But that was not enough for this extraordinarily outward looking school principal. Belvoir Park has adopted an 'international policy', and has moved since 2004 from being a 'single identity' school in an estate once perceived as a 'no go' area for Catholics to one which boasts children from Nigeria, Poland, Lithuania, Malaysia, Sri Lanka, India and South America.

Meanwhile Billy Tate's outreach to the island of Ireland and its culture has continued. First he introduced Irish traditional music and dancing into the school. Then some of the children asked if they could try their hand at Gaelic games. He turned for assistance to two visionary secondary principals, P.J. O'Grady of St Patrick's College, Bearnageeha in Catholic north Belfast and Andy McMorran of Ashfield Boys High School in Protestant east Belfast, who had come together in a mould-breaking initiative to play hurling and shinty together (see below). GAA coaches from Tyrone and the Bredagh club in south Belfast coached the Belvoir Park children in Gaelic football and hurling, and in their first hurling tournament they won one game and drew two.
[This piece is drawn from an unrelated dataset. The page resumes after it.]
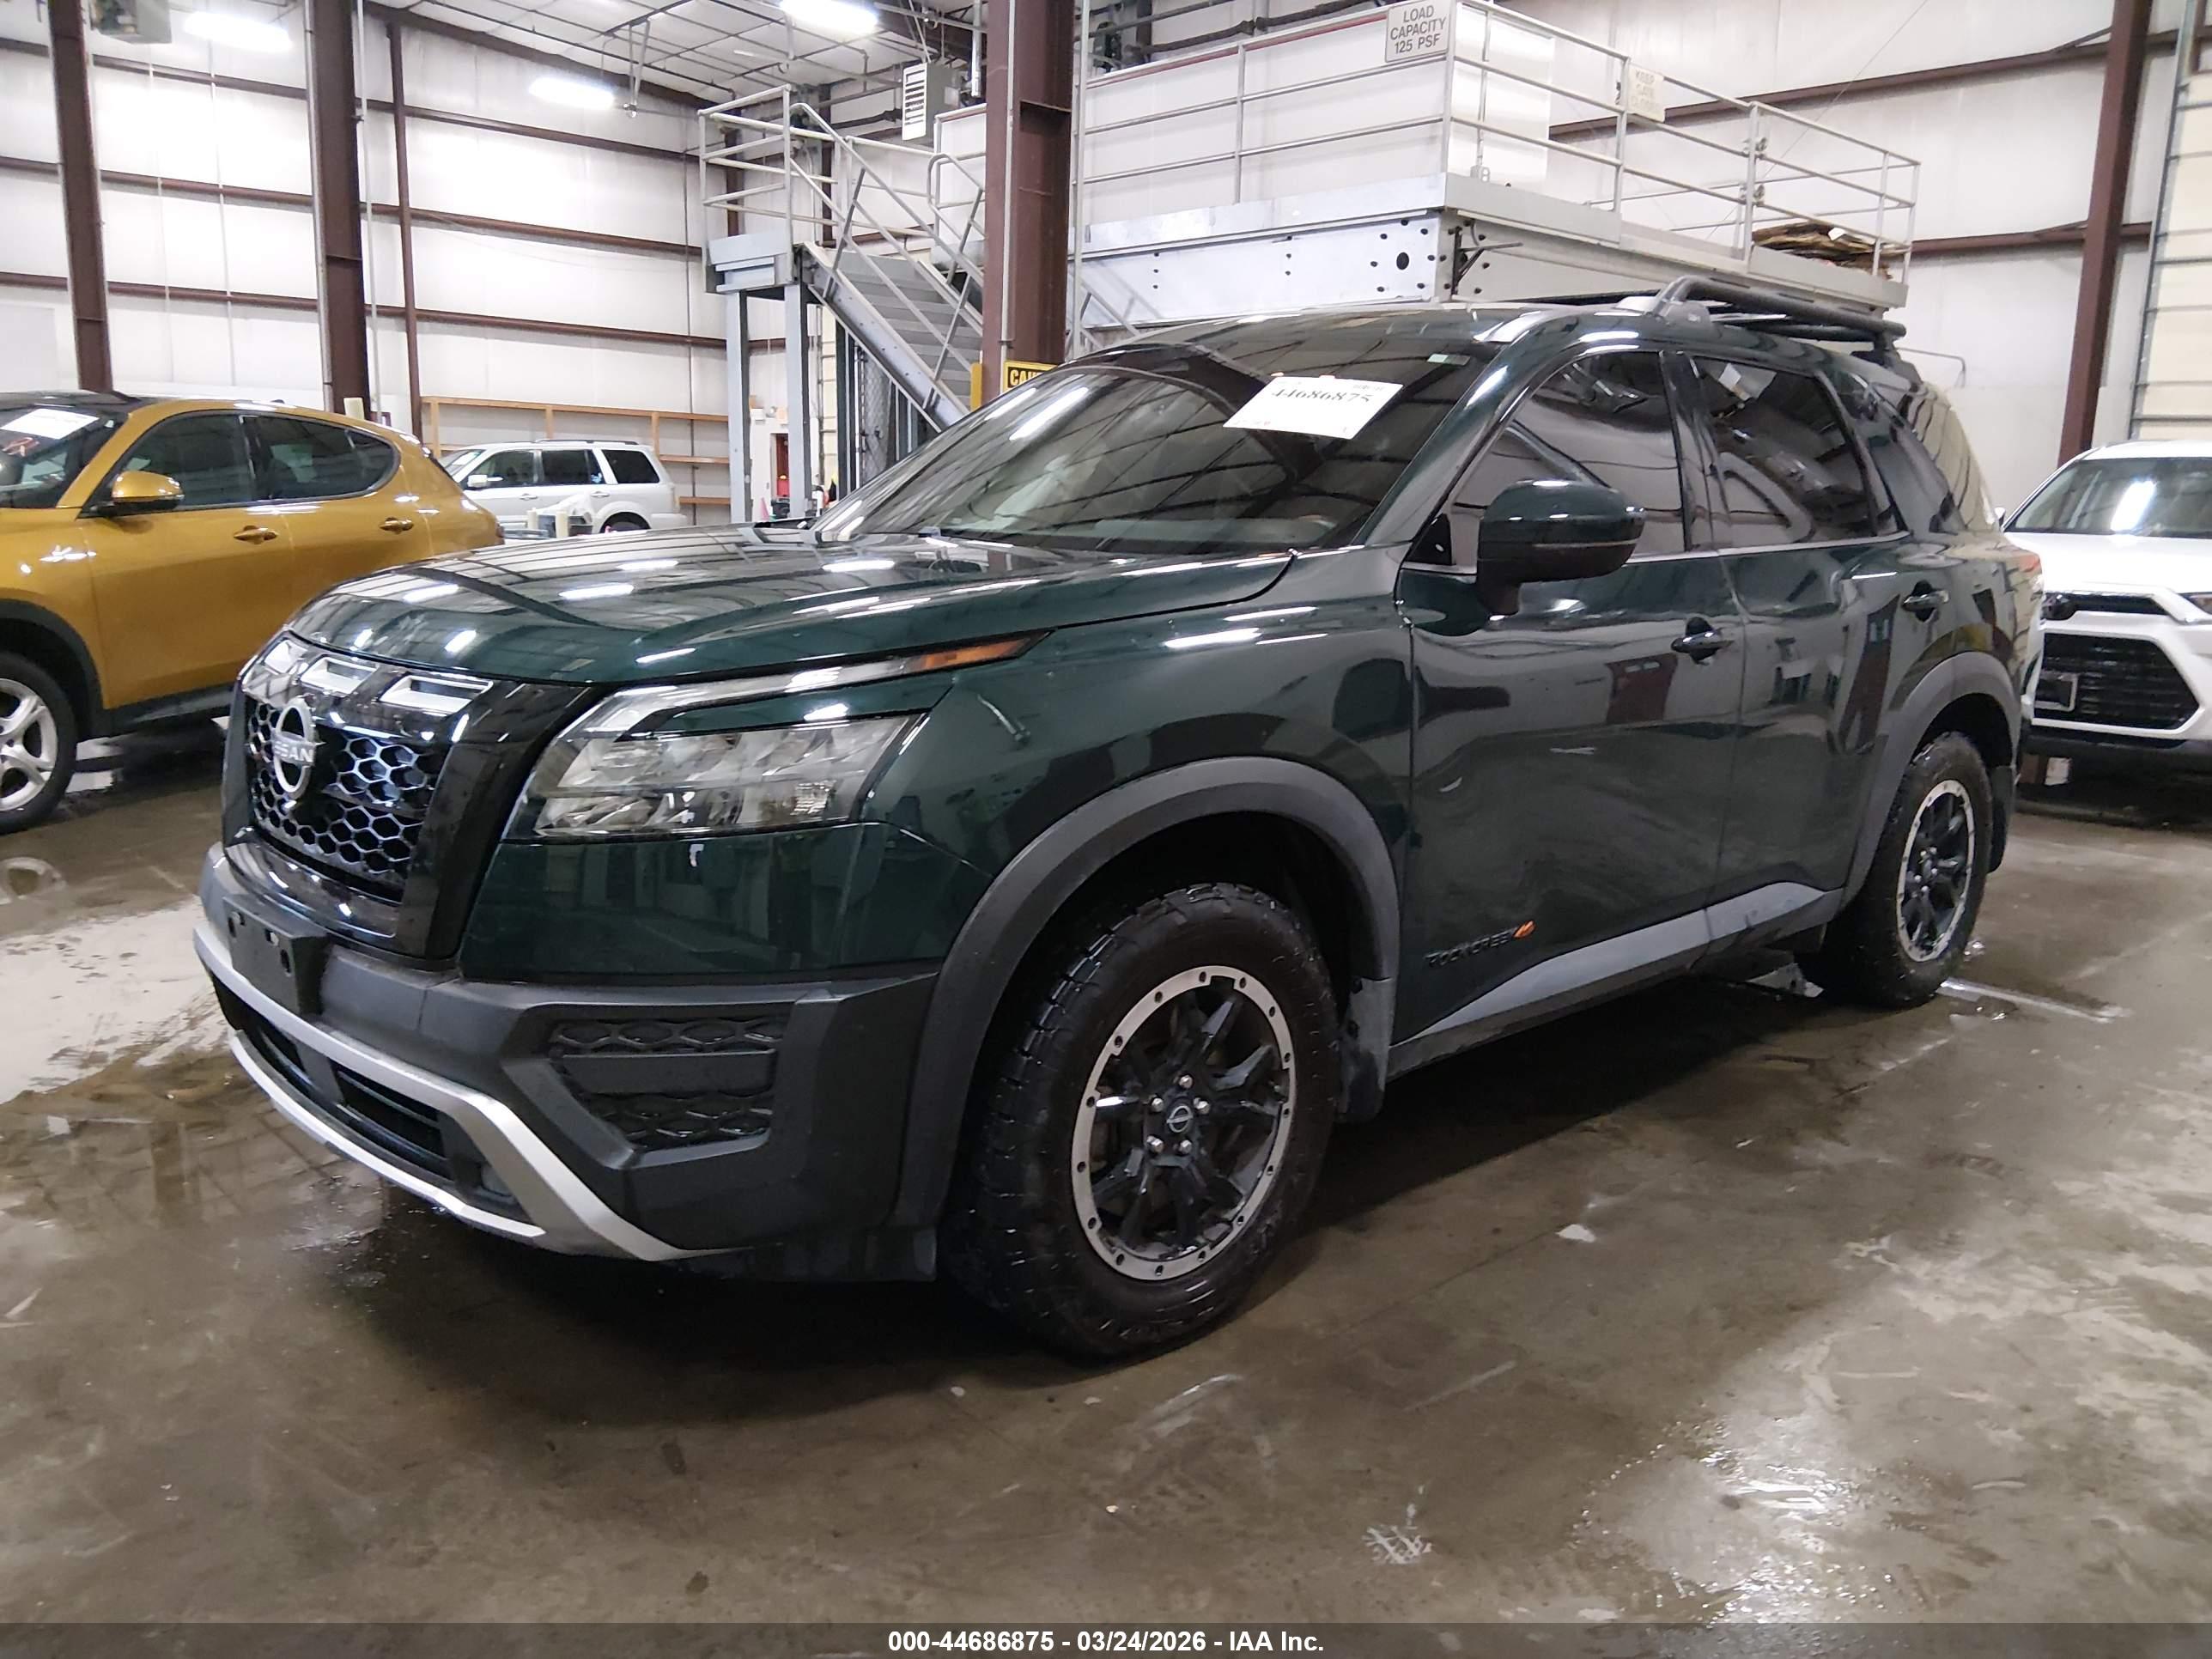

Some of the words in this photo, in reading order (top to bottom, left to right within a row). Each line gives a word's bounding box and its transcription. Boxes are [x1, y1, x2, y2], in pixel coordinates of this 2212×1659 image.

[1403, 5, 1435, 23] LOAD
[1390, 16, 1447, 40] CAPACITY
[1395, 39, 1413, 54] 125
[1418, 33, 1441, 50] PSF
'We see sport as a bridge-builder', says Tate. 'There is something profound about watching children in Rangers or Linfield shirts playing Gaelic games, and it points to a new future in Northern Ireland for everyone.' He is pretty sure this is the first time that Gaelic games have been played in a controlled (i.e. largely Protestant) primary school anywhere in Belfast, and probably in Northern Ireland. His hope is that it will begin to make the GAA 'more accessible and welcoming to the Protestant community' and that Catholic schools will start to embrace his beloved rugby in the same spirit.
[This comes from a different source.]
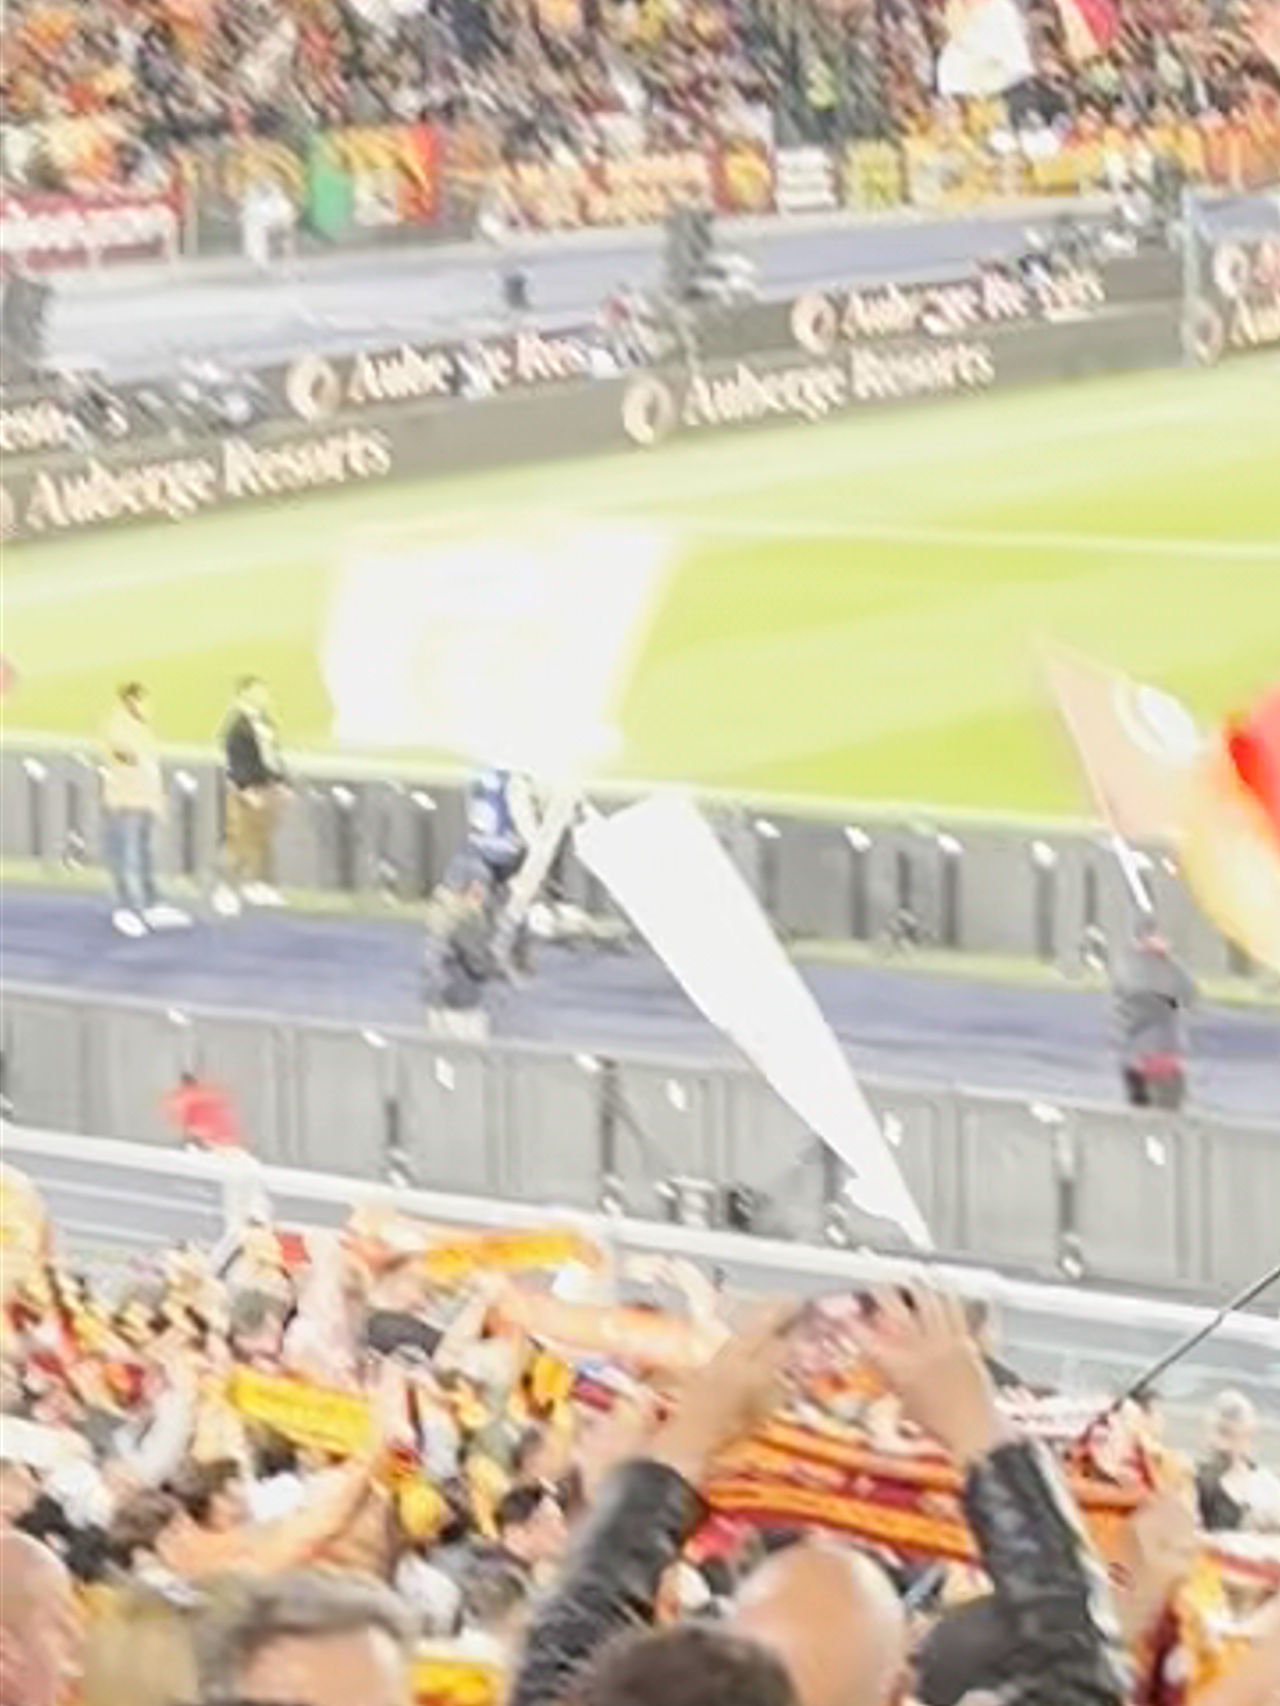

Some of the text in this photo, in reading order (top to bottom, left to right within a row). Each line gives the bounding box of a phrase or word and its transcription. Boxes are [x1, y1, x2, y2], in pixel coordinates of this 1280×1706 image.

[683, 342, 996, 426] Auberge Resorts
[26, 424, 393, 527] Auberge Resorts
The GAA is already responding. Two years ago the first sporting contacts had been initiated between Ashfield High and St Patrick's Bearnageeha. Last year this led, under the guidance of the Ulster Council's community development manager, Ryan Feeney, to five boys from each school, plus five more from Corpus Christi College in Ballymurphy in Catholic west Belfast and the Boys Model School on the Protestant Crumlin Road, forming a squad which went to Inverness in Scotland to play in an under-16 shinty tournament there (for those not in the know, shinty is a close Scottish relation of hurling).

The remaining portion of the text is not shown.